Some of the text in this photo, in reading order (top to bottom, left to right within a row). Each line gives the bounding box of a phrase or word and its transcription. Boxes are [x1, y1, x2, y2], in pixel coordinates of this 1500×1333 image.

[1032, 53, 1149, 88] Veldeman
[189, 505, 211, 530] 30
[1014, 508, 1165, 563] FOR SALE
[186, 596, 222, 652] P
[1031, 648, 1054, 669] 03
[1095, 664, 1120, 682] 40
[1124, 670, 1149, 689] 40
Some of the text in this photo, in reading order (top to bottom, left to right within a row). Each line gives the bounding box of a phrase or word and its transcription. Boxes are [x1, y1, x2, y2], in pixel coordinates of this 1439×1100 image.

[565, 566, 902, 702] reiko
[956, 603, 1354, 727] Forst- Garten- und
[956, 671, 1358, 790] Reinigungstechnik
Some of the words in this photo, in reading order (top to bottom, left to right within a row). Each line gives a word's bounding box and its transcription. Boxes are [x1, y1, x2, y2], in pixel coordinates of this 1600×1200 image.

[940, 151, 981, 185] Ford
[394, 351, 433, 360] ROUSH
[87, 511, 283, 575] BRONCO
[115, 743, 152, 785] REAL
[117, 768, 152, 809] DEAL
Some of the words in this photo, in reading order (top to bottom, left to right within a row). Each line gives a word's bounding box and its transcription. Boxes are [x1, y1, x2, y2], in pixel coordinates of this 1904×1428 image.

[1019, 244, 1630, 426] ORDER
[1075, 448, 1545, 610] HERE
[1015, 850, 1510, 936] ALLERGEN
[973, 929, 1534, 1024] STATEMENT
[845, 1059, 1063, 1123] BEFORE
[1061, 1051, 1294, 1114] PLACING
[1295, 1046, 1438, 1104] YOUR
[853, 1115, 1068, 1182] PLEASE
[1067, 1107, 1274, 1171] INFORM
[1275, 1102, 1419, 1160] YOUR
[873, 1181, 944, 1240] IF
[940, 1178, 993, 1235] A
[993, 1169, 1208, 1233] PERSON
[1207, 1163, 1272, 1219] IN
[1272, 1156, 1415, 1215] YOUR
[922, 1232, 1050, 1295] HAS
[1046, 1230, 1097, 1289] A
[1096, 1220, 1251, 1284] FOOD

- - - -

How to complete this task ▸ After reading through the material, print all of it again exactly.

Solution for this exercise ▸
Some of the text in this photo, in reading order (top to bottom, left to right within a row). Each line gives the bounding box of a phrase or word and its transcription. Boxes are [x1, y1, x2, y2], in pixel coordinates of this 1500×1333 image.

[1032, 53, 1149, 88] Veldeman
[189, 505, 211, 530] 30
[1014, 508, 1165, 563] FOR SALE
[186, 596, 222, 652] P
[1031, 648, 1054, 669] 03
[1095, 664, 1120, 682] 40
[1124, 670, 1149, 689] 40
Some of the text in this photo, in reading order (top to bottom, left to right within a row). Each line gives the bounding box of a phrase or word and its transcription. Boxes are [x1, y1, x2, y2], in pixel coordinates of this 1439×1100 image.

[565, 566, 902, 702] reiko
[956, 603, 1354, 727] Forst- Garten- und
[956, 671, 1358, 790] Reinigungstechnik
Some of the words in this photo, in reading order (top to bottom, left to right within a row). Each line gives a word's bounding box and its transcription. Boxes are [x1, y1, x2, y2], in pixel coordinates of this 1600×1200 image.

[940, 151, 981, 185] Ford
[394, 351, 433, 360] ROUSH
[87, 511, 283, 575] BRONCO
[115, 743, 152, 785] REAL
[117, 768, 152, 809] DEAL
Some of the words in this photo, in reading order (top to bottom, left to right within a row). Each line gives a word's bounding box and its transcription. Boxes are [x1, y1, x2, y2], in pixel coordinates of this 1904×1428 image.

[1019, 244, 1630, 426] ORDER
[1075, 448, 1545, 610] HERE
[1015, 850, 1510, 936] ALLERGEN
[973, 929, 1534, 1024] STATEMENT
[845, 1059, 1063, 1123] BEFORE
[1061, 1051, 1294, 1114] PLACING
[1295, 1046, 1438, 1104] YOUR
[853, 1115, 1068, 1182] PLEASE
[1067, 1107, 1274, 1171] INFORM
[1275, 1102, 1419, 1160] YOUR
[873, 1181, 944, 1240] IF
[940, 1178, 993, 1235] A
[993, 1169, 1208, 1233] PERSON
[1207, 1163, 1272, 1219] IN
[1272, 1156, 1415, 1215] YOUR
[922, 1232, 1050, 1295] HAS
[1046, 1230, 1097, 1289] A
[1096, 1220, 1251, 1284] FOOD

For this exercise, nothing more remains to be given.